> **What is needed**:
Images are not part of the copy; transcribe all the data exactly.

[Source records]
□ □ □ □ □

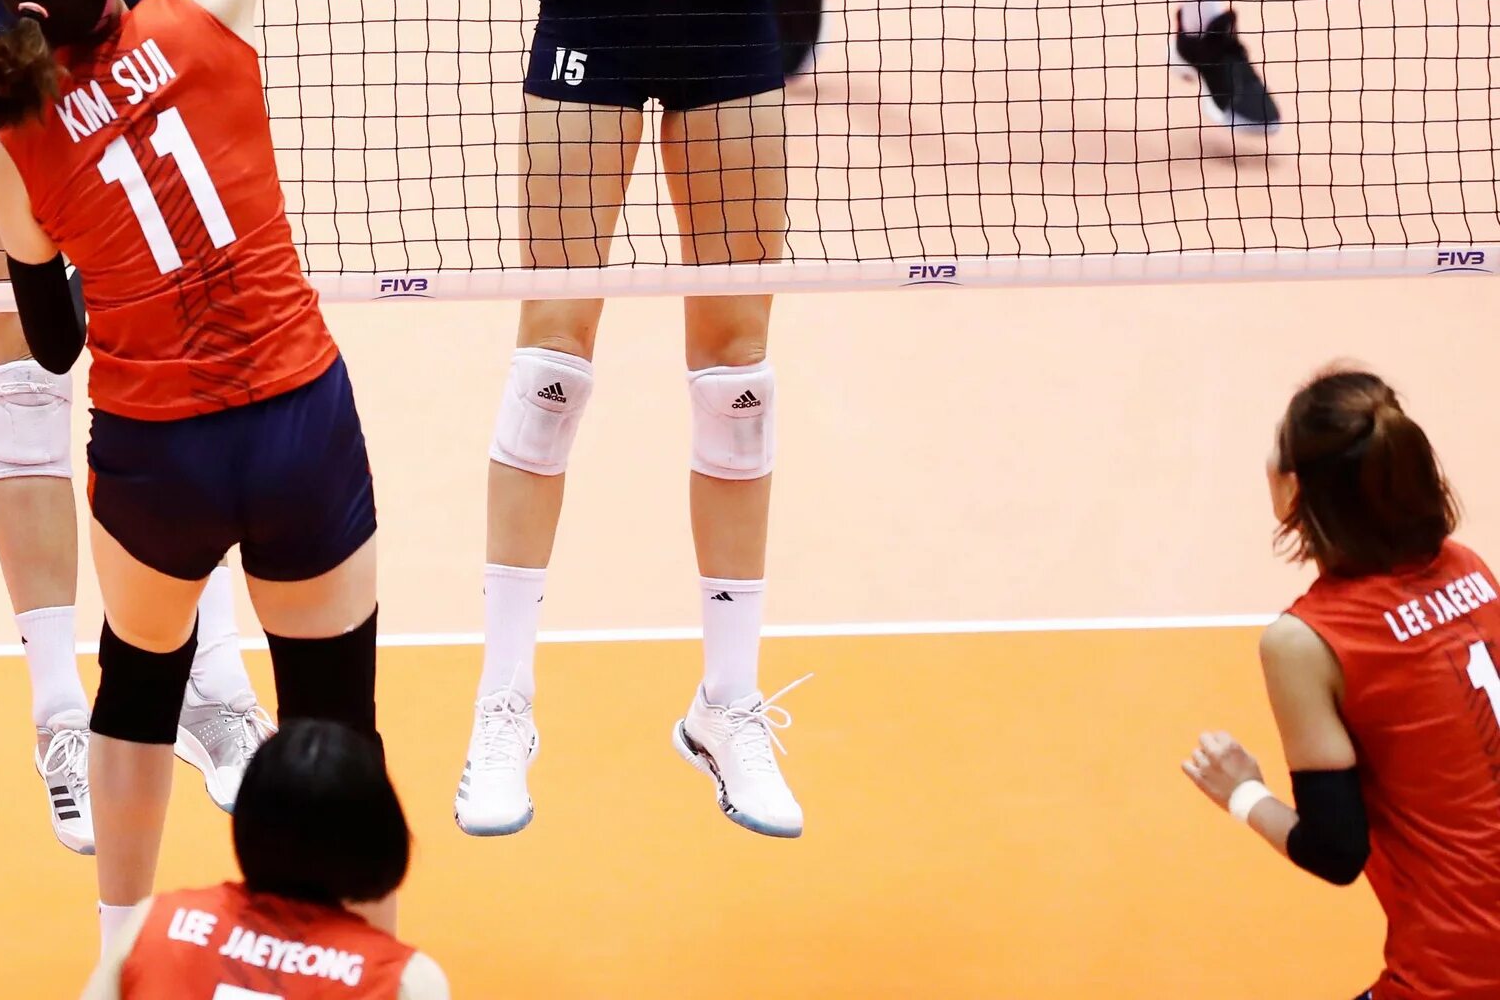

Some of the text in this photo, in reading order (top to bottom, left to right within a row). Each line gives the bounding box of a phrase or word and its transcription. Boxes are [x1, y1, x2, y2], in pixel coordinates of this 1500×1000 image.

[551, 47, 588, 85] 15
[55, 38, 177, 143] KIM SUJI
[97, 107, 237, 275] 11
[909, 265, 956, 279] FIVB
[1438, 252, 1484, 266] FIVB
[381, 278, 428, 292] FIVB
[537, 391, 566, 403] adidas
[732, 401, 761, 409] adidas
[1383, 599, 1433, 642] LEE
[167, 907, 365, 987] LEE JAEYEONG

□ □ □ □ □

> **Result of the exercise**:
Some of the text in this photo, in reading order (top to bottom, left to right within a row). Each line gives the bounding box of a phrase or word and its transcription. Boxes are [x1, y1, x2, y2], in pixel coordinates of this 1500×1000 image.

[551, 47, 588, 85] 15
[55, 38, 177, 143] KIM SUJI
[97, 107, 237, 275] 11
[909, 265, 956, 279] FIVB
[1438, 252, 1484, 266] FIVB
[381, 278, 428, 292] FIVB
[537, 391, 566, 403] adidas
[732, 401, 761, 409] adidas
[1383, 599, 1433, 642] LEE
[167, 907, 365, 987] LEE JAEYEONG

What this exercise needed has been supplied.